— Assignment —
Where a picture occurs in the data, omit it, and copy all remaining data exactly.

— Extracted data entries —
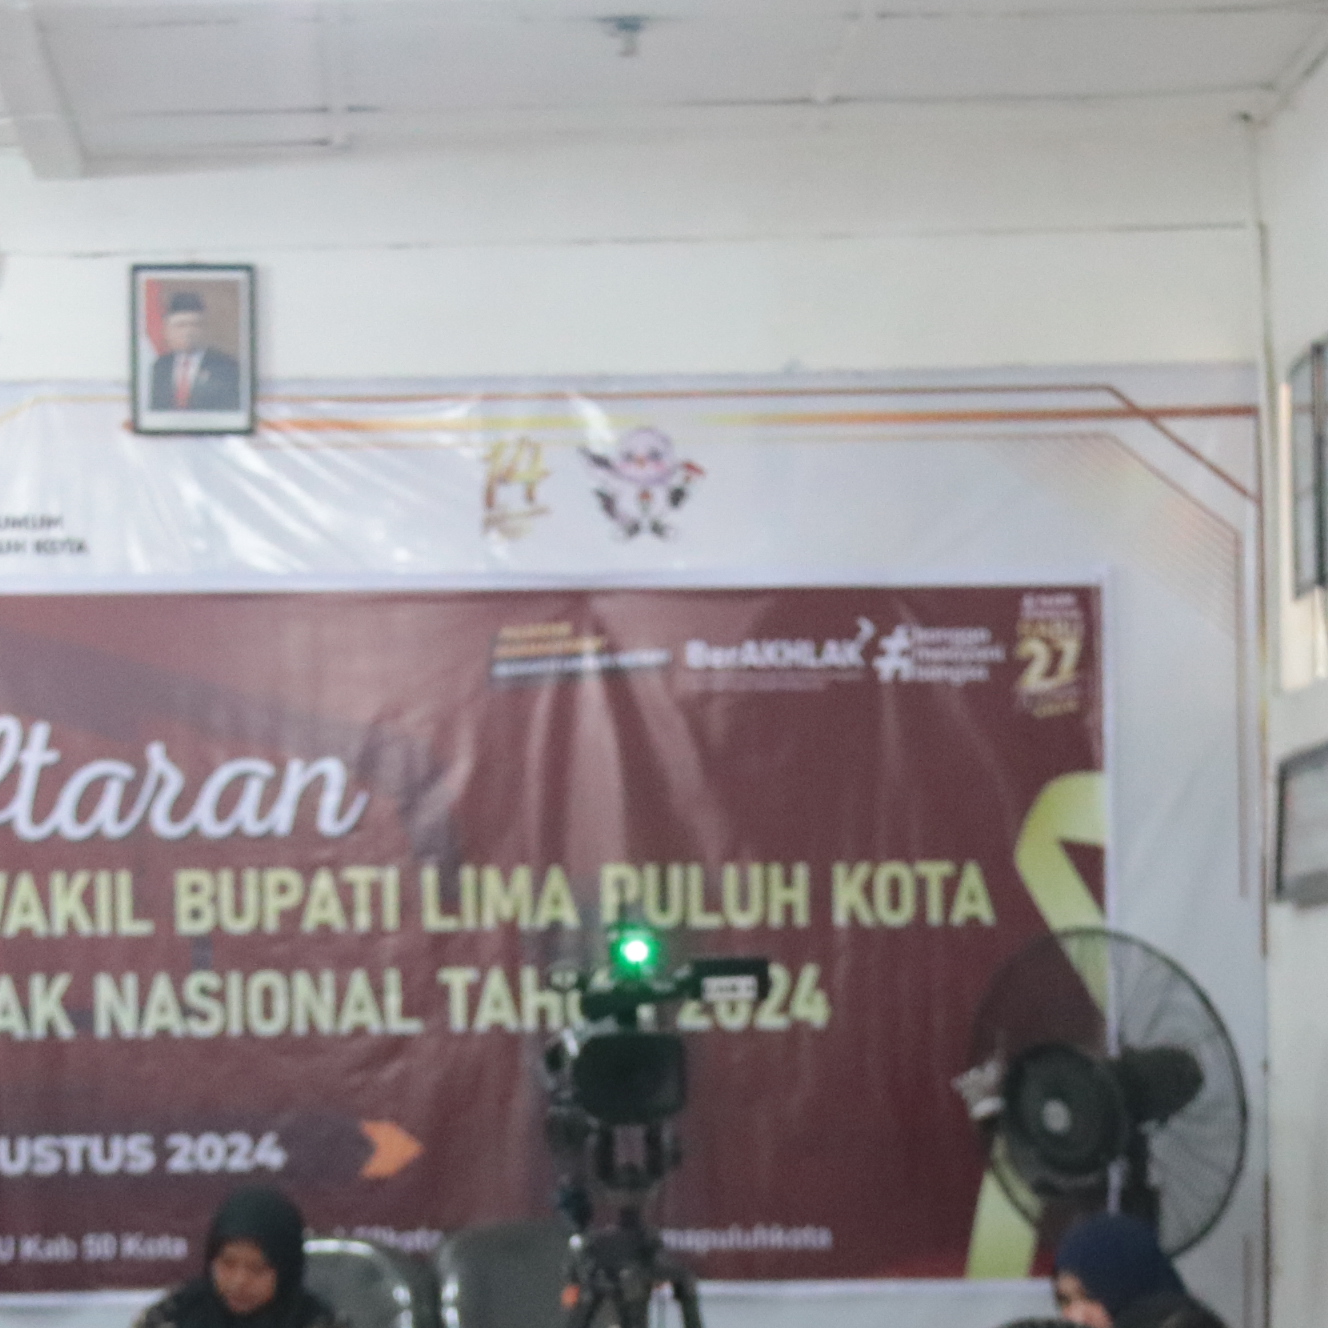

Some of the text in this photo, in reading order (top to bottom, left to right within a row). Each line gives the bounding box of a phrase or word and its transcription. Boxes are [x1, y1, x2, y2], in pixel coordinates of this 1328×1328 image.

[174, 866, 402, 936] BUPATI
[419, 863, 581, 932] LIMA
[600, 861, 811, 930] PULUH
[831, 860, 997, 927] KOTA
[93, 967, 424, 1040] NASIONAL
[165, 1131, 288, 1174] 2024

— Result —
Some of the text in this photo, in reading order (top to bottom, left to right within a row). Each line gives the bounding box of a phrase or word and its transcription. Boxes are [x1, y1, x2, y2], in pixel coordinates of this 1328×1328 image.

[174, 866, 402, 936] BUPATI
[419, 863, 581, 932] LIMA
[600, 861, 811, 930] PULUH
[831, 860, 997, 927] KOTA
[93, 967, 424, 1040] NASIONAL
[165, 1131, 288, 1174] 2024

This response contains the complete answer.